Literacies include how lived, relational, and situational knowledges are produced and communicated, and “valuing knowledges that emerge from the inside-out and the bottom-up” (Licona & Russell, 2013, p. 2). Further, the adult learner is “developmentally distinct”, whereby “learning is optimized when their experience is recognized and utilized in the learning process” (Chen, 2014, p. 407). As noted, students are likely to have experience, and thus knowledge, at the outset that can be recognized and built upon.

Critically examining how organizational protocols may inhibit responsiveness to a young person’s needs, or querying whether the values underpinning such protocols are congruent with child and youth care principles, are indicative of critical literacy praxis. As Lankshear and McLaren (1993) suggested, this involves facilitating learning experiences that help students “understand the nature and implications of the ideology on parade: and in doing so engage students in reflection upon their own ideological investments” (p. 9). In the present study, Linden aptly summarized the transformation that occurs when students are encouraged to examine the implications and investments underpinning their assumptions in their written reflection after attending the workshop series:

Bringing in discussions and principles related to youth work also allows a unique space for those working in the field to apply questions to their own experience, and uncover buried assumptions, discomfort, knowledge and personal connections. Unlike typical discussions of mental health, when we are actively engaged through discussion and activities using multiple intelligences we bring in our own emotional knowledge. One example of this is when I realized through discussing an issue of mental health how uncomfortable I was talking about it due to the words that came out of my mouth. Having spaces that help us process information and share experiences helps us practice speaking in a way that is more congruent with our values, through safe trial and error, as well as exploration of discomforts.

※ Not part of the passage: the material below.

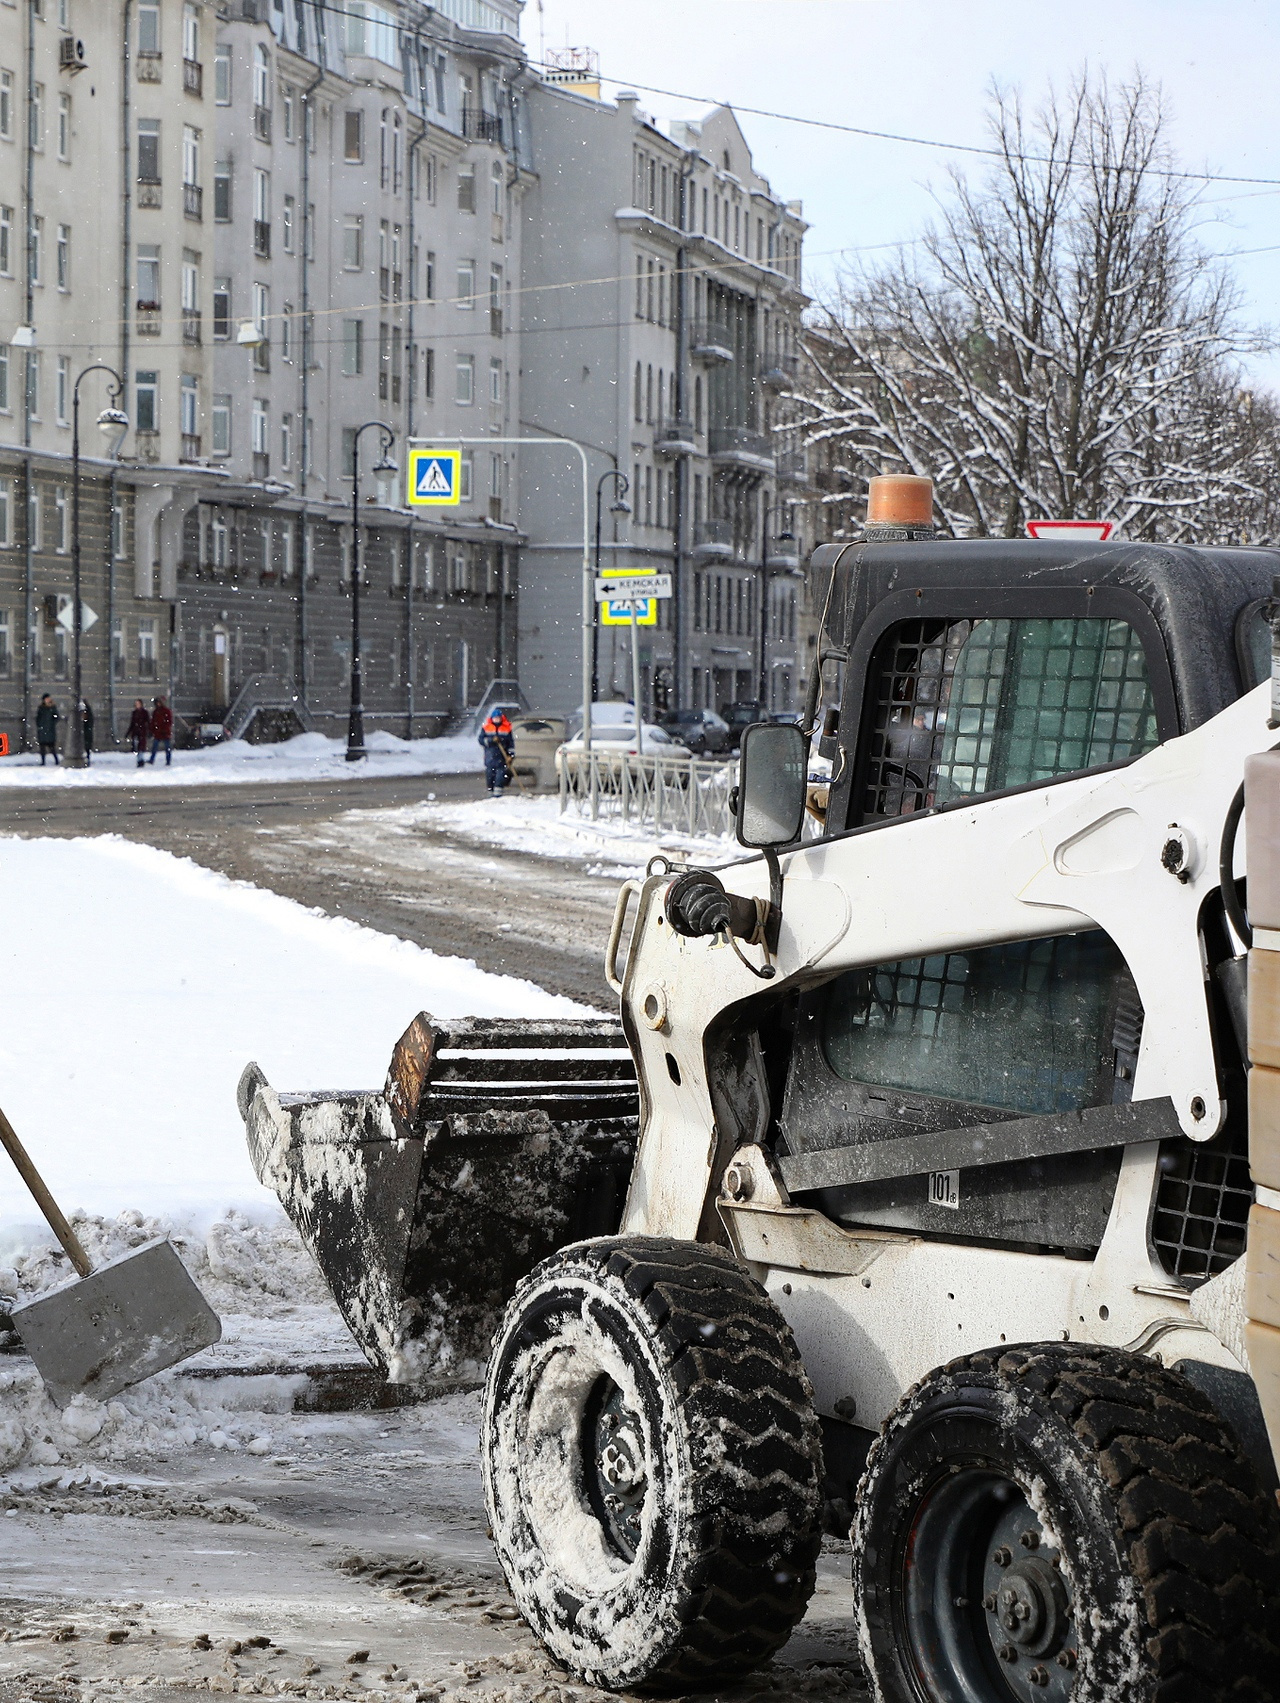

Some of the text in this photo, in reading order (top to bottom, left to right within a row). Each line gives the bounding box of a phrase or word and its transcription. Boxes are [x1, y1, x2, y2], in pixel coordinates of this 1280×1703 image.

[619, 577, 669, 588] КЕМСКАЯ
[931, 1172, 957, 1204] 101 dB

Linden’s learning experience is congruent with White and Morris’ (2019) recent suggestions of how a narrative therapeutic approach embedded in suicide prevention education supports participants’ movement towards relational responses and a collaborative way of working in which care is humanized. Several present features of child and youth care higher education support pedagogical strategies that evoke “inside-out” and “bottom-up” literacies required in suicide prevention education. For example, an emphasis on self-care and critical reflection can broaden students’ perspectives and improve decision-making (Emslie, 2009a; Kostouros et al., 2019), and mindfulness teaching supports students’ openness, curiosity, and creativity (Ventrella, 2017).

Conclusion

As a key component of the mental health literacy curriculum under investigation in this study, learning activities on suicide and suicide intervention served as conditions that influenced the paths student participants followed in becoming and being youth workers. Participants identified a struggle as they attempted to apply learning within simulated and real-world practice contexts, often citing the need for more knowledge as the pathway to increased confidence. This struggle was amplified by students’ discomfort and apparent desire for certainty while attempting to hold attuned relational engagement and satisfy protocols simultaneously. Thus participants were positioned in a dialectical space, experiencing tensions between maintaining presence and procedure. Implications for pedagogy include resisting pressure for certainty and for simplifying complex issues, building upon existing features found in child and youth care higher education (e.g., reflexivity, self-awareness, mindfulness, collaborative relationships), while embracing suicide and suicide intervention as critical topics integral to students’ future practice.